Scholz-Bielschowsky-Henneberg disease
Related people
- J. Pfeiffer
- Joachim-Ernst Meyer
- Joseph Godwin Greenfield
- Ludo Van Bogaert
- Max Bielschowsky
- Réne Nyssen
- Richard Henneberg
- Willibald Oscar Scholz
Metachromatic leukodystrophy. A collective term for a possibly rather heterogeneous group of fatal diseases with dystrophy of the white matter of the brain. This error of metabolism occurs in several forms: congenital, late infantile, adolescent, and adult (with and without arylsulphatase A deficiency). It is caused by a deficiency of the enzyme aryl sulfatase. A metachromatic material is deposited in the brain, peripheral nerves, liver, kidney, and frequently the urine. This material, sulfated lipids, would normally be degraded to cerebrosides. The course is characterised by paralysis, blindness, and severe mental retardation.
While the Pelizaeus-Merzbacher form of leukoencephalopathy is transmitted as an X-linked, recessive trait, the metachromatic leukodystrophies are autosomal recessive. However, a family described by Scholz had a possible X-linked recessive leukodystrophy.
The clinical features depend on age of onset. The most common type is late infantile metachromatic leukodystrophy, commonly known as Greenfield syndrome. This variant is characterized by normal infancy followed by locomotive disorders between the ages of 12 and 18 months. There is difficulty in walking, hypotonia, weakness, and loss of reflexes may lead on to nystagmus and cerebellar signs, dementia and tonic seizures and eventually paralysis.
The juvenile form starts in the teens with aphasia, progressive deafness, blindness, dementia and paralysis.
Adult metachromatic leukodystrophy may present with psychiatric features and presenile dementia. This form is also known as van Bogaert-Nyssen-Pfeiffer syndrome.
Bibliography
- W. Scholz:
Klinische, pathologisch-anatomische und erbbiologische Untersuchungen bei familiärer, diffuser Hirnsklerose im Kindesalter (Ein Beitrag zur Lehre von den Heredodegenerationen).
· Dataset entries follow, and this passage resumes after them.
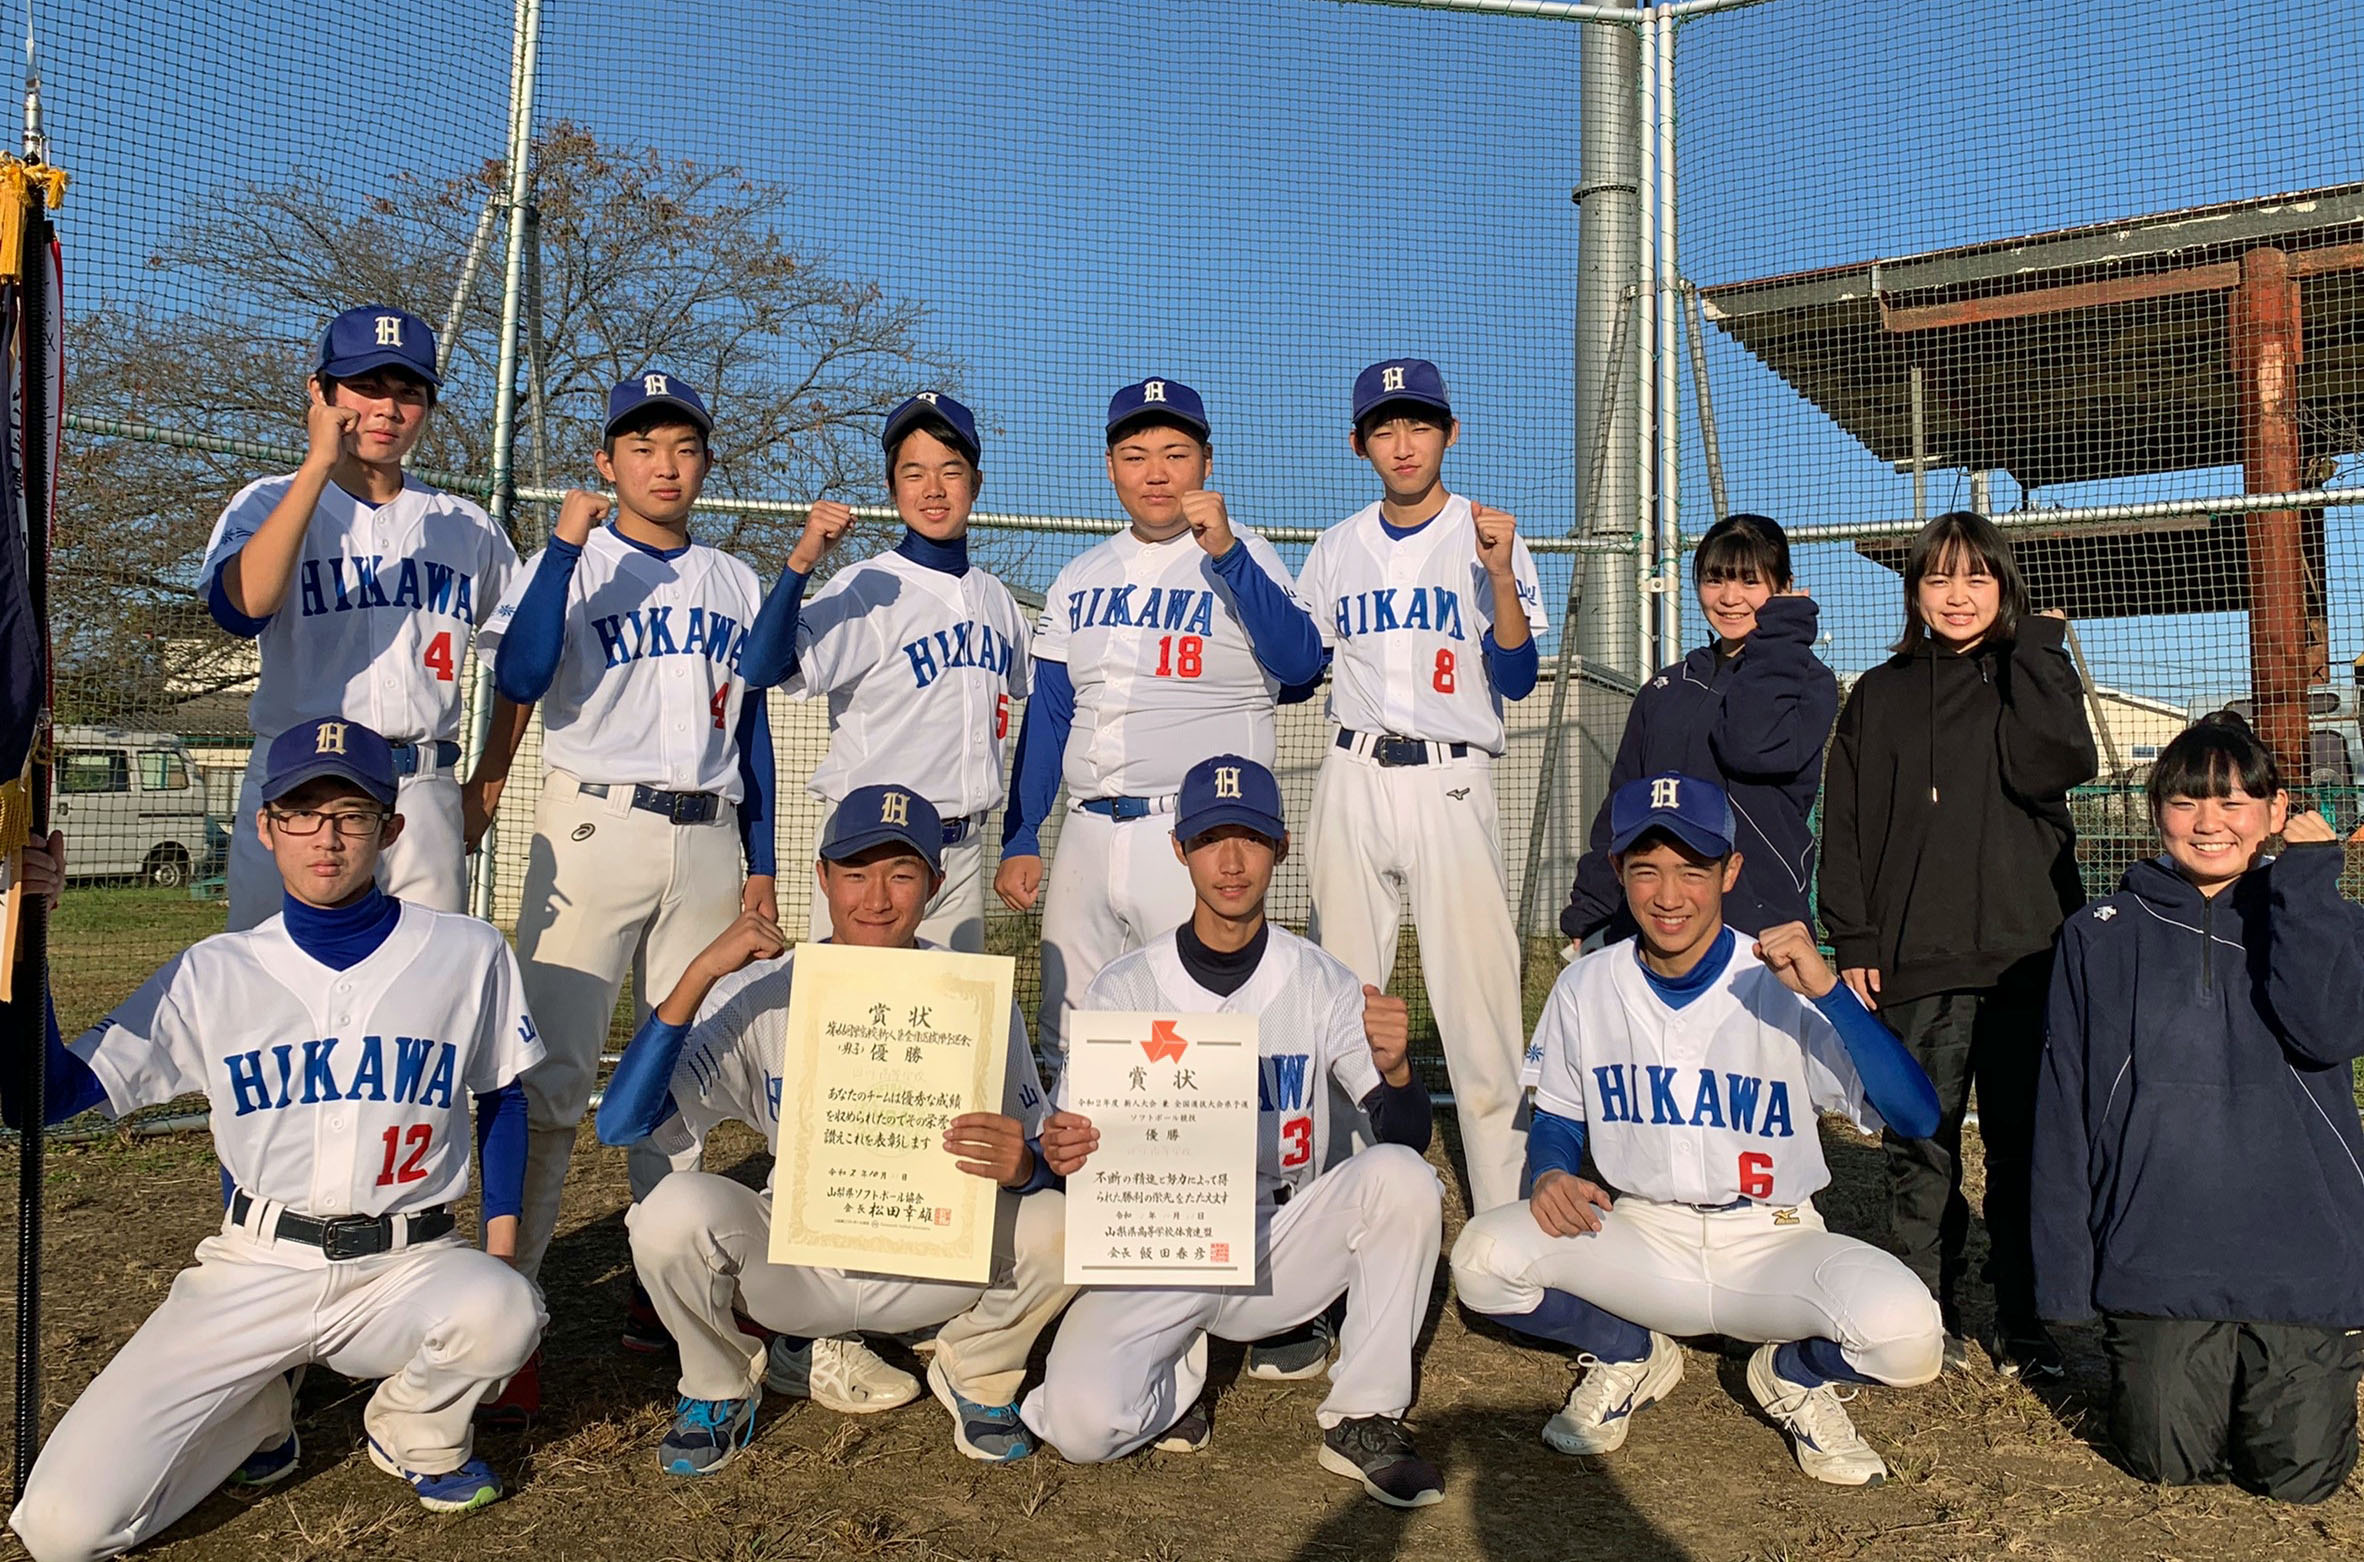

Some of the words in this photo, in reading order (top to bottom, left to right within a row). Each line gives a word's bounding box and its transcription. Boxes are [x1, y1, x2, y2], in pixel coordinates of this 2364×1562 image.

[375, 316, 403, 347] H
[644, 374, 670, 396] H
[1144, 381, 1166, 402] H
[1382, 367, 1406, 392] H
[302, 555, 473, 625] HIKAWA
[1069, 584, 1213, 636] HIKAWA
[1336, 586, 1466, 640] HIKAWA
[424, 631, 453, 681] 4
[1156, 635, 1203, 678] 18
[1433, 648, 1455, 694] 8
[710, 682, 729, 729] 4
[995, 693, 1009, 739] 5
[315, 722, 349, 755] H
[1214, 766, 1242, 799] H
[1650, 778, 1680, 808] H
[880, 792, 910, 827] H
[868, 1003, 932, 1029] 賞状
[870, 1043, 923, 1064] 優勝
[223, 1035, 457, 1117] HIKAWA
[1129, 1066, 1198, 1092] 賞状
[1592, 1064, 1794, 1138] HIKAWA
[1146, 1128, 1180, 1142] 優勝
[1282, 1116, 1312, 1167] 3
[376, 1124, 433, 1186] 12
[1738, 1151, 1774, 1199] 6
[826, 1187, 925, 1204] 山梨県ソフトボール協会
[843, 1202, 866, 1215] 会長
[868, 1202, 933, 1222] 松田幸雄
[1105, 1226, 1213, 1238] 山梨県高等学校体育連盟
[1107, 1246, 1132, 1259] 会長
Zeitschrift für Neurologie, Berlin, 1925, 99: 651-717. - M. Bielschowsky. R. Henneberg:
Über familiäre diffuse Sklerose (Leukodystrophia cerebri progressiva hereditaria).
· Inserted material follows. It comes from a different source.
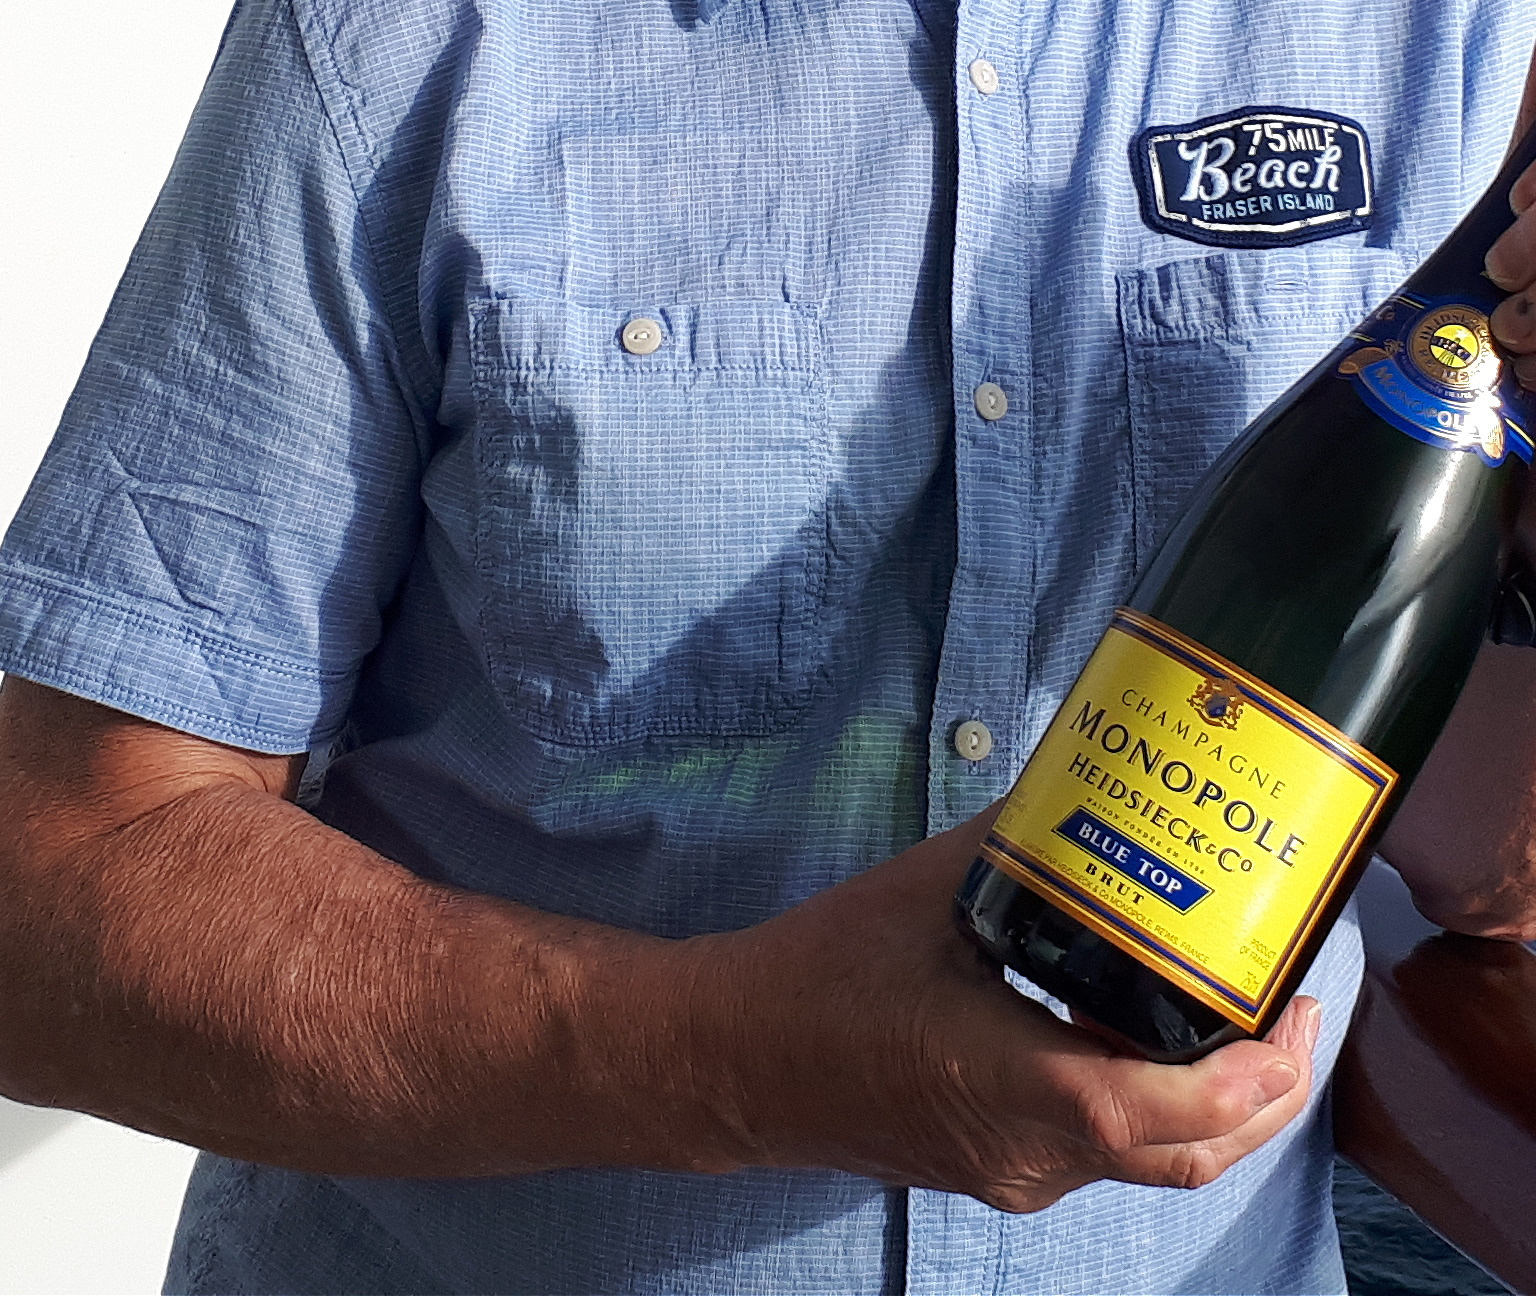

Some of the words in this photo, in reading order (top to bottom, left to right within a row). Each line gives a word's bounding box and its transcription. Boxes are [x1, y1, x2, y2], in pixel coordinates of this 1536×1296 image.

Journal für Psychologie und Neurologie, Leipzig, 1928, 36: 131-181. - J. G. A. Greenfield:
A form of progressive cerebral sclerosis in infants associated with primary degeneration of the interfascicular glia.
Journal of Neurology and Psychopathology, London, 1933, 13: 289-302. - L. van Bogaert, R. Nyssen:
Le type tardif de la leucodystrophie progressive familiale.
Revue neurologique, Paris, 1936, 65: 21-45. - J. Pfeiffer:
Über die metachromatischen Leukodystrophien (Typ Scholz).
Arch Psychother, Berlin, 1959, 199: 386-416.